Freewheel hubs have the driveside bearings sitting further inboard, which places increased stress on the axle, leading to increased chance of bending or breaking the axle when riding the bike hard. A cassette hub has bearings that are closer to the end of the hub, placing less stress on the axle, making it much less likely to bend or break. I would consider a cassette hub to be an important feature to look for, and the Trek 6500 and the Giant Iguana likely have them.

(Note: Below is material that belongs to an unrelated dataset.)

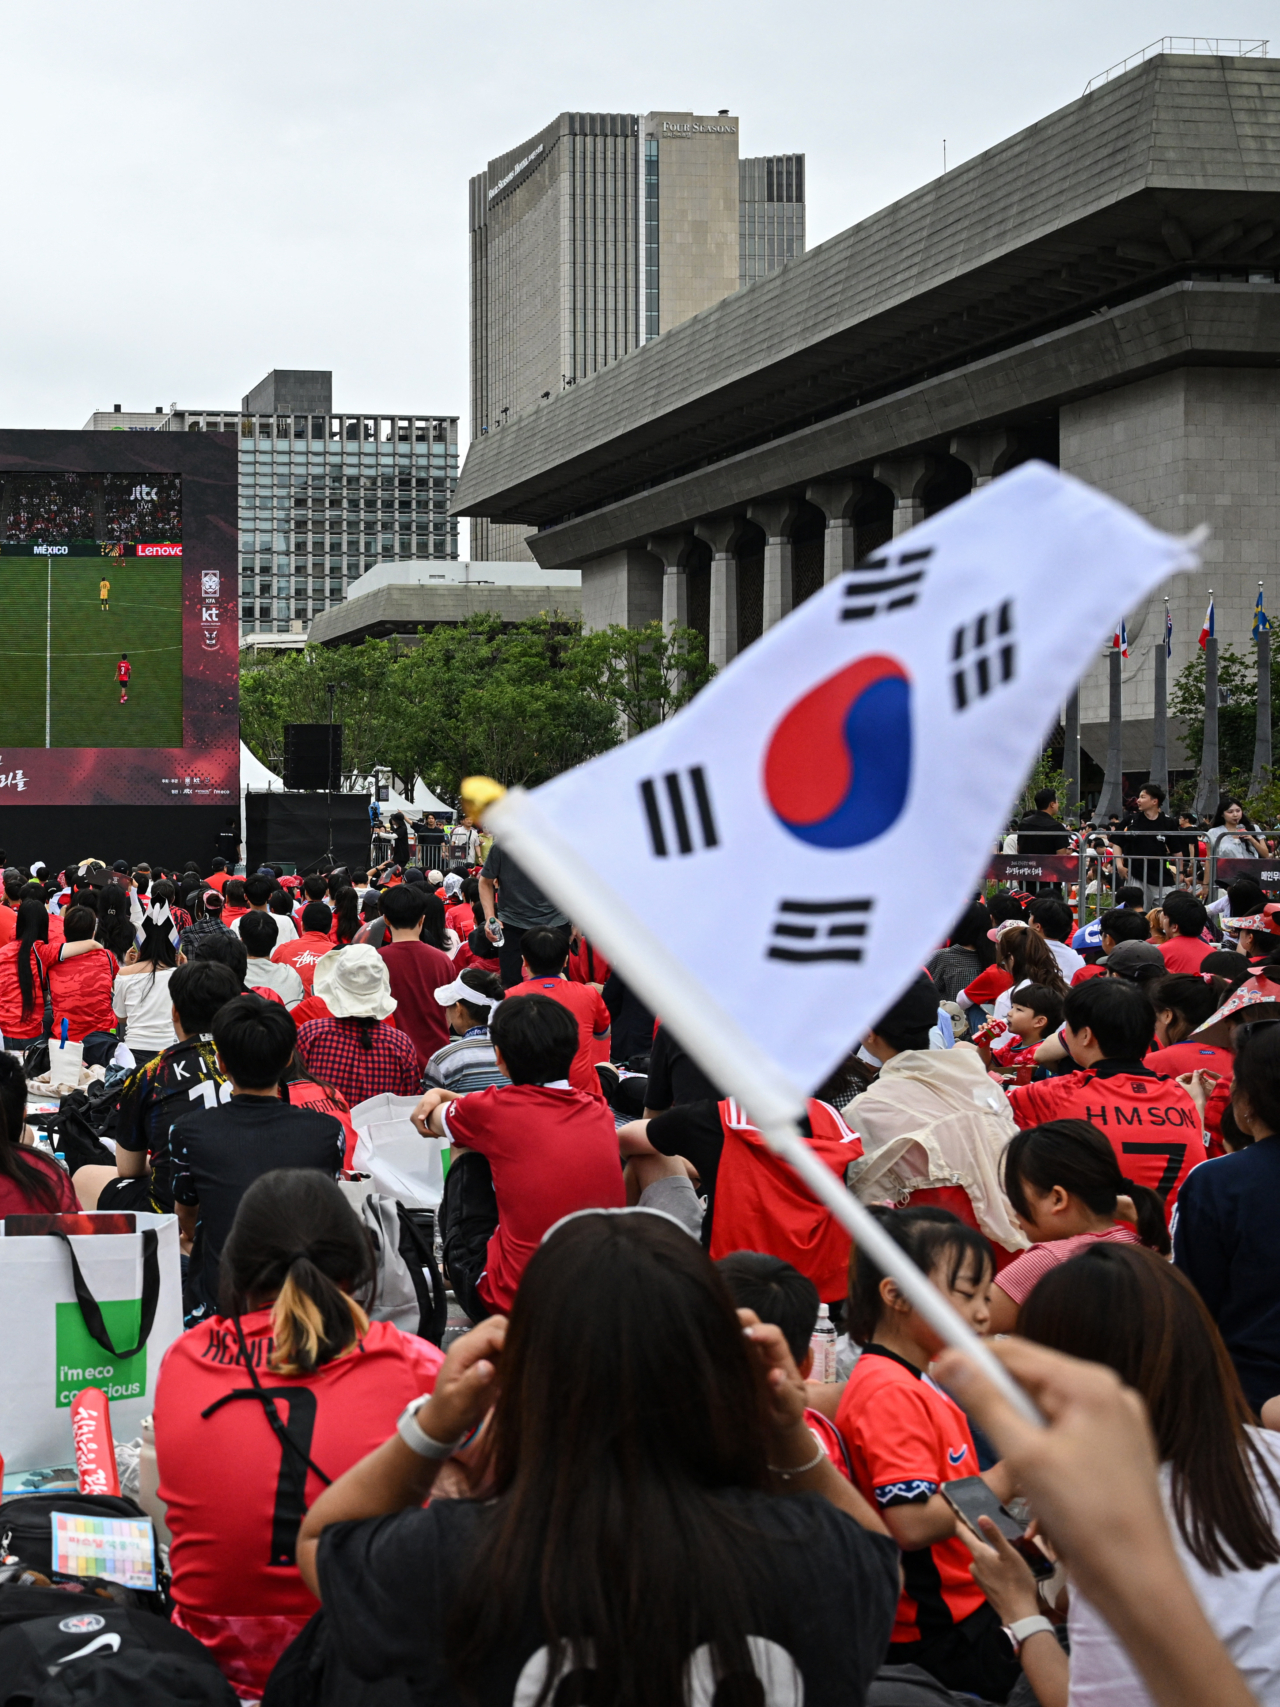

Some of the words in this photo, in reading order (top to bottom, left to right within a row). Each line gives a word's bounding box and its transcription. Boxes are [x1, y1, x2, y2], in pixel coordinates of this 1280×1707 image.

Freewheel hubs have the driveside bearings sitting further inboard, which places increased stress on the axle, leading to increased chance of bending or breaking the axle when riding the bike hard. A cassette hub has bearings that are closer to the end of the hub, placing less stress on the axle, making it much less likely to bend or break. I would consider a cassette hub to be an important feature to look for, and the Trek 6500 and the Giant Iguana likely have them.
#9
Yeah, might even be butted too, but it would definitely be cromoly. I've done a fair bit of mountain biking on a fancier Giant ATX 780, both with a rigid fork and with suspension, it was very lightweight, fun, and versatile, it also got setup for use as a winter commuter bike at times. I'd expect the Iguana to be a bit heavier, but still a decent frame to work with.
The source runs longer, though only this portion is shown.